Chairperson of the Independent Commission for Infrastructure
- In office September 15, 2025 – March 31, 2026
- Appointed by: Ferdinand R. Marcos Jr.
- Preceded by: Position established
- Succeeded by: Position abolished

177th Associate Justice of the Supreme Court of the Philippines
- In office July 12, 2017 – May 11, 2020
- Appointed by: Rodrigo Duterte
- Preceded by: Bienvenido Reyes
- Succeeded by: Priscilla Baltazar-Padilla

Presiding Justice of the Court of Appeals of the Philippines
- In office February 22, 2010 – July 12, 2017
- Appointed by: Gloria Macapagal Arroyo
- Preceded by: Conrado Vasquez Jr.
- Succeeded by: Romeo Barza

Personal details
- Born: Andres Bernal Reyes Jr. May 11, 1950 (age 76)
- Alma mater: Saint Mary's College of California (BS) Ateneo de Manila University (LLB) Philippine Women's University (MPA)
- Affiliation: Fraternal Order of Utopia

= Andres Reyes Jr. =

Associate Justice of the Supreme Court of the Philippines

Andres Bernal Reyes Jr. (born May 11, 1950) is a Filipino lawyer who served as an associate justice of the Supreme Court of the Philippines from 2017 to 2020. He was appointed by President Rodrigo Duterte replacing Associate Justice Bienvenido Reyes.
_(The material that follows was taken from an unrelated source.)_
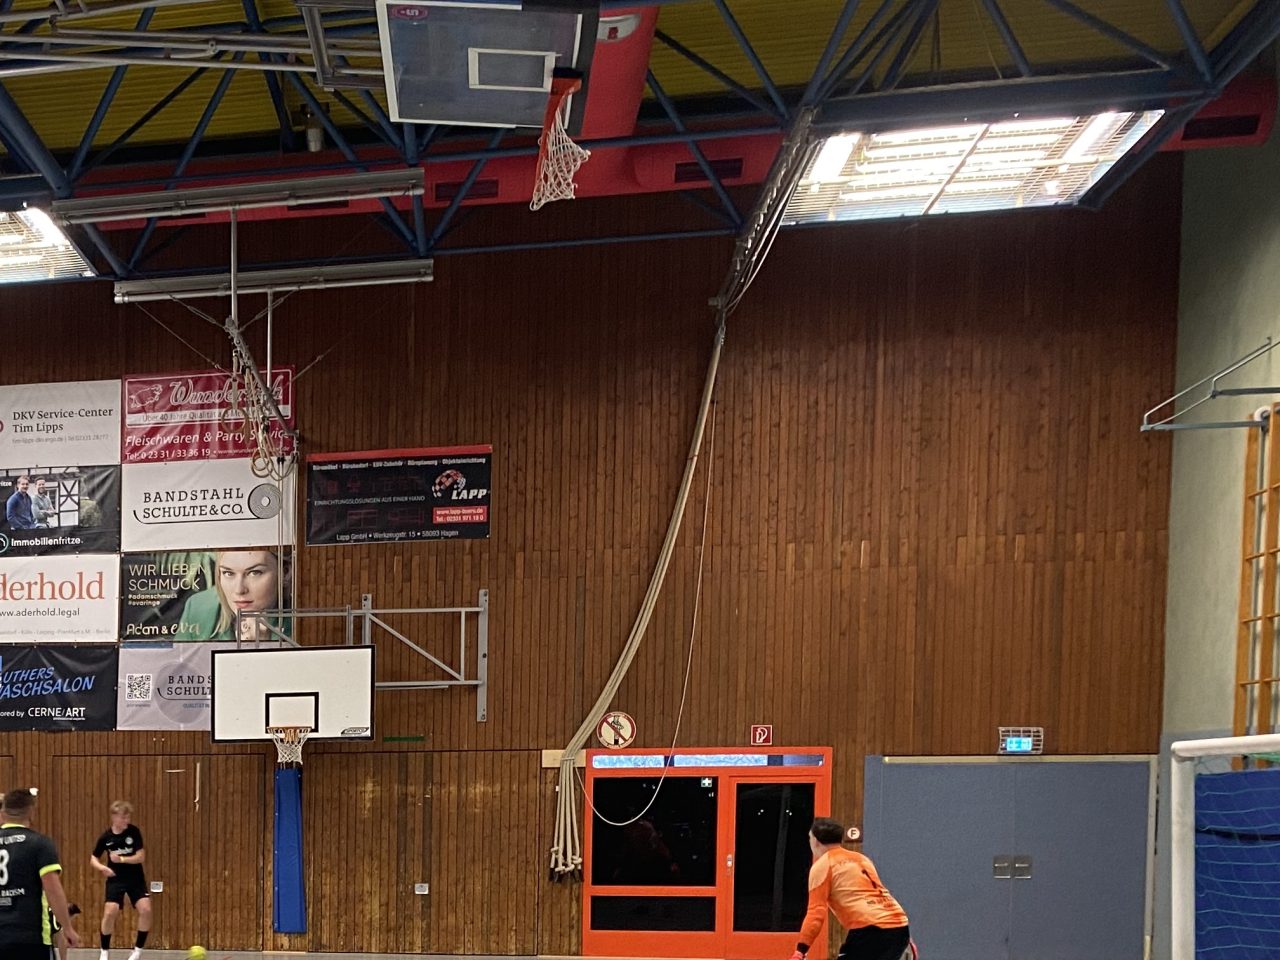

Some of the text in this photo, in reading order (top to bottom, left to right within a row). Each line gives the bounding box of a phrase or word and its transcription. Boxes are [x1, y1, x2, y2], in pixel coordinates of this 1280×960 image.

He was appointed by President Bongbong Marcos as Chairman of the Independent Commission for Infrastructure, which is mandated to investigate anomalous infrastructure projects.

==Works==

Reyes, the first Atenean law graduate appointed by Duterte, previously served the Metropolitan Trial Court of Makati, Regional Trial Court of San Mateo Rizal and started working as the Associate Justice of the appellate court in 1999. In 2010, he was appointed as Presiding Justice of the Court of Appeals.

==Personal life==
Reyes is the son of Andres Reyes, Sr., a former Presiding Justice of the Court of Appeals during the Marcos era, and Minerva Bernal.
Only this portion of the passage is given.